Everywhere you look the people are warm, but it
also feels strangely tense. The cops from NYPD
seem alert, so alert they appear nervous as you
approach them to ask directions. They stiffen,
but once pleasantries have been exchanged, they
relax. With millions of New Yorkers and tourists
thronging the streets each day, they can never
be completely at ease.
New York is like a holy ground to which pilgrims
are constantly drawn. They are on the move all
night long, from Broadway and 44th Street to Macy's,
Madison Square Garden and the Empire State Building;
they drive past Union Square Shopping District,
Greenwich Village, Soho, Chinatown, Little Italy,
City Hall and Brooklyn Bridge, Lower East Side,
the United Nations Building, Waldorf-Astoria,
Rockefeller Center…
They say that Hollywood is like a giant cash machine.
New York appears to sit on the cash itself. Home
of big business, the theater and publishing, it
is also the home of the famed Lady Liberty.
On Ellis Island, Miss Liberty never sleeps. The
statue is like an angel constantly watching over
the city. But she was no protection when terrorists
attacked on that sunlit September morning three
years ago.
For a trip to Liberty Statue, from Ellis Island
Ferry, the queue is always long. At the dock passengers
await their turn to be frisked by the security
staff before walking through a metal detector.
Then comes the ride on the big ferry. It is easy
to imagine how immigrants, many decades ago, felt
asthey arrived in 'God's own country'. The Irish,
English, French, Italians and others must have
looked in awe at the statue. After 9/11 only the
statue grounds stayed open to the public. It wasn't
until August this year (2004) that it was re-opened,
allowing visitors to explore the inner core.
A drive around New York City is always a heady
experience. From the Bronx to Brooklyn or Manhattan
to Queen's, life is as vibrant as ever. This is
where old-style mobsters indulged in their wheeling
and dealing, gaming and gambling and, during the
Prohibition, kept up the flow of illicit liquor
supplies. Today mobs still rule the streets. They
deal openly, take protection payouts, control
the call girls and gambling. But they are, relatively,
the little fry, for the true big money players
are not on the streets but in the skyscrapers.
Masters of high-tech and blue chip companies,
they deal more subtly. Like master chess players,
they hold the ultimate checkmate: the power of
the dollar bill.
Flags are everywhere in New York. The Star-Spangled
Banner flutters in the breeze, as if to remind
New Yorkers of their invincibility. But there
is a paradoxical lethargy about the place as well.
These are people still struggling with a three-year
pain and bizarre experiences that defy belief.

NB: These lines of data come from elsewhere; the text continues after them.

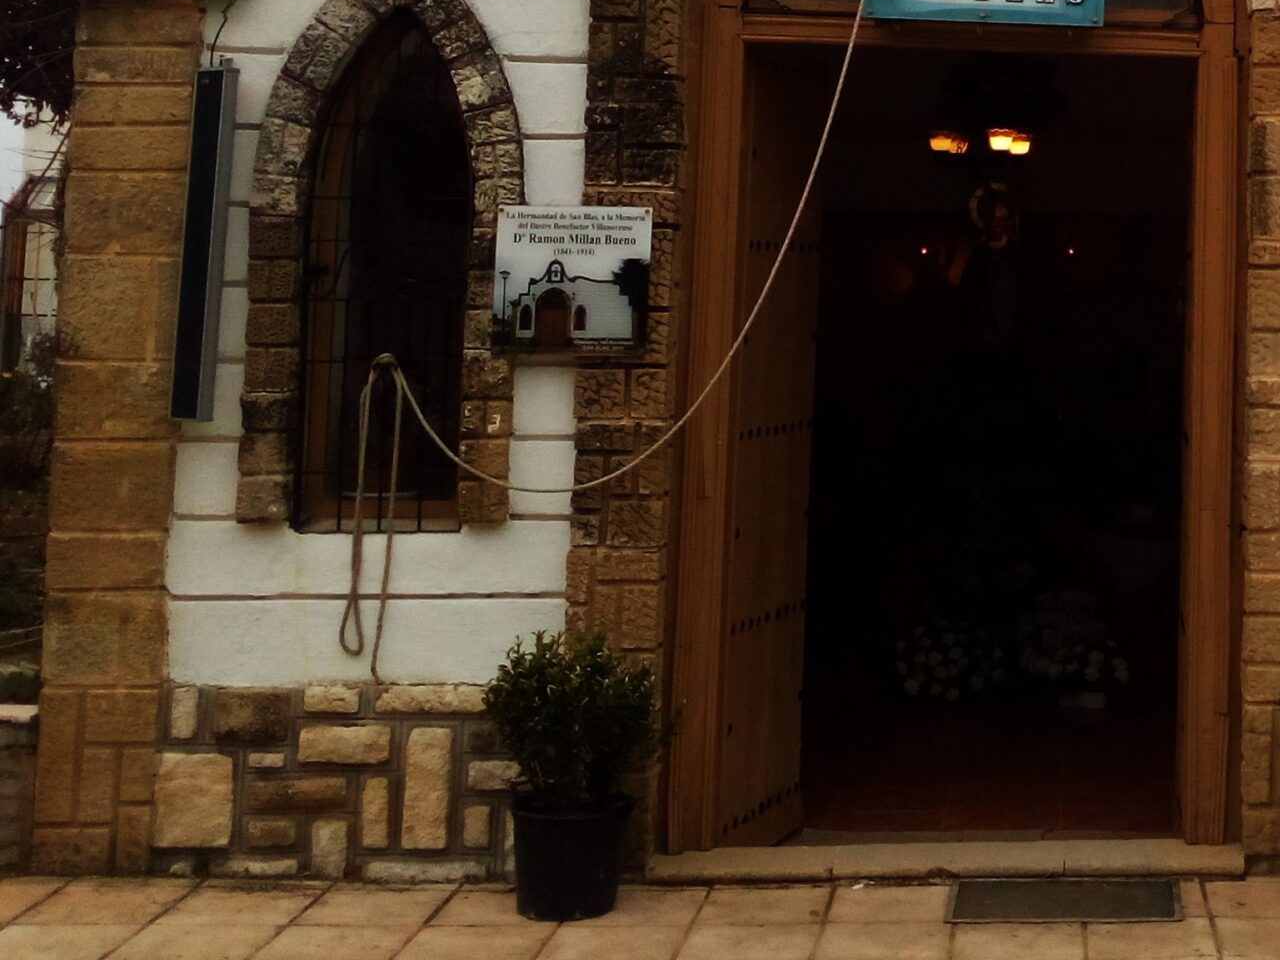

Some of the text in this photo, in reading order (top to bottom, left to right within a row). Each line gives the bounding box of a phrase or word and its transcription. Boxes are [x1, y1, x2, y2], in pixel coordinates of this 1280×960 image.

[506, 212, 515, 220] La
[559, 212, 567, 220] de
[569, 212, 582, 220] San
[607, 213, 615, 221] la
[529, 233, 565, 244] Ramon
[604, 234, 636, 245] Bueno

The sense of sorrow is profound, unfitting for
friendly folks who now struggle with the ghosts
of that tragic September day.Since that day so
much has happened around the globe. A few months
after, the Taliban were pounded to surrender in
Afghanistan. Aided by Great Britain and a few
other allies, America still struggles on in Iraq.
Around the world, the terror has not let up. In
March 2004 a devastating explosion rocked a train
in Spain, killing many. The death toll extended
to women and pupils in a Beslan school (Russia)

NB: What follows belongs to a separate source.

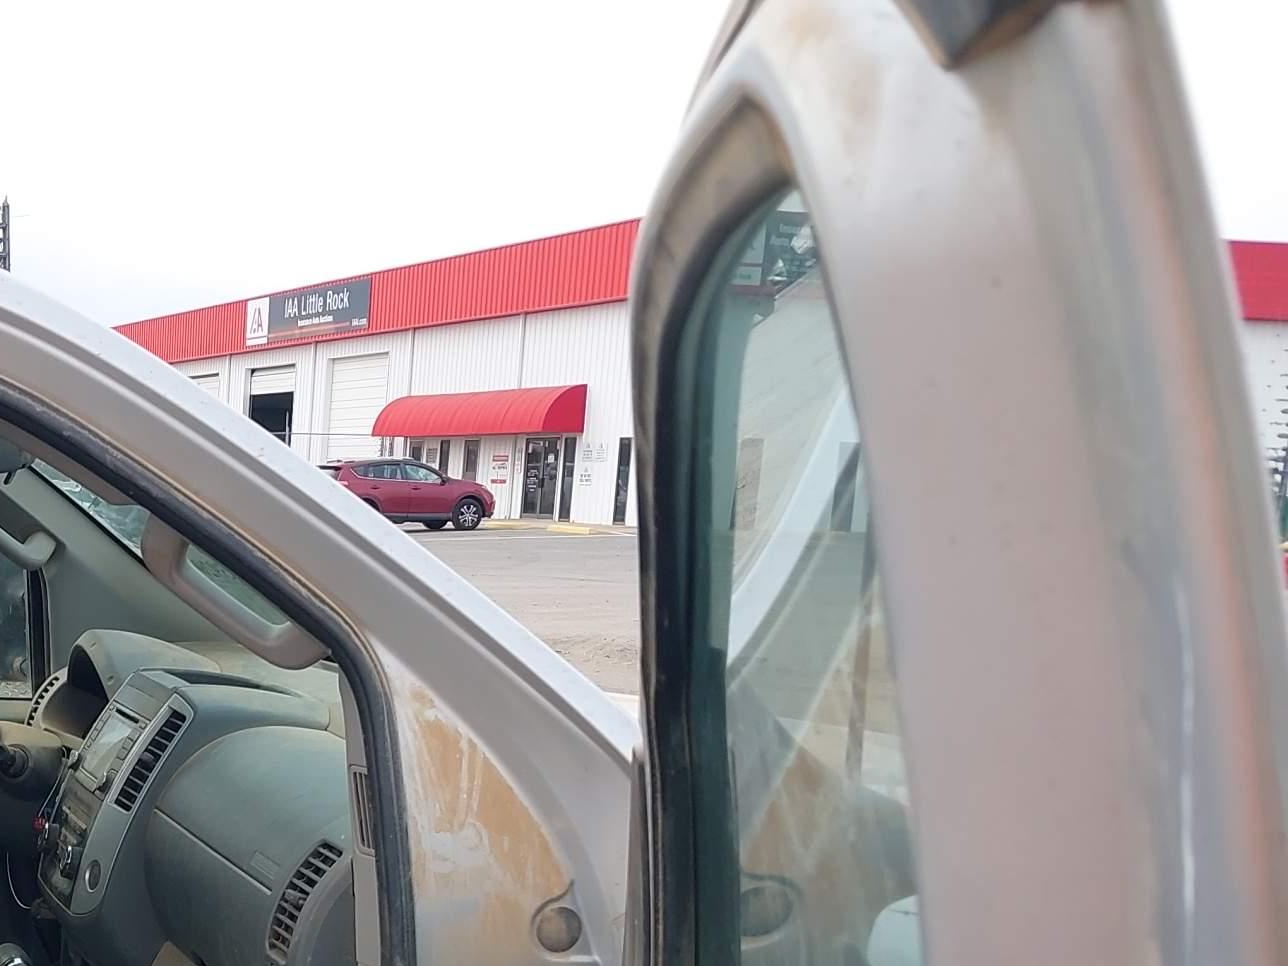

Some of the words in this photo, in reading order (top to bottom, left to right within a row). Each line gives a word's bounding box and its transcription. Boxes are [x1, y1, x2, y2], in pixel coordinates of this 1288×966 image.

[284, 297, 299, 318] IAA
[301, 293, 324, 316] Little
[326, 288, 350, 311] Rock

this September. Then came the Jakarta bombing
outside the Australian Embassy. The horrific list
rolls on.
Time rolls on, too, on the New York streets. The
city still retains its charm as a center of world
commerce. Nothing ever seems to kill its spirit.
It was on these same streets as the original capital
of the USA that George Washington took oath as
the first President in1789. From that time, the
city was always described as having a vibrant
feel. Despite September 11, from Times Square
to Chinatown, from Brooklyn to the Bronx, nightlife
continues with a measured swing.
Even Ground Zero has its swing. Ice cream and
soda vendors ply their trade to tourists. The
hallowed grounds are up for brisk business. Touts
go to work, cajoling, displaying for sale pictures
of the struck building, the inferno, and the collapsed
twin towers. They sell pictures of firemen of
the NYFD and of the public and cops running for
their lives. When a police van arrives the touts
scamper, barely able to gather their wares, as
if running for dear life as well. In a second
no tout remains in sight.
Everyone milks a little from the New York swing.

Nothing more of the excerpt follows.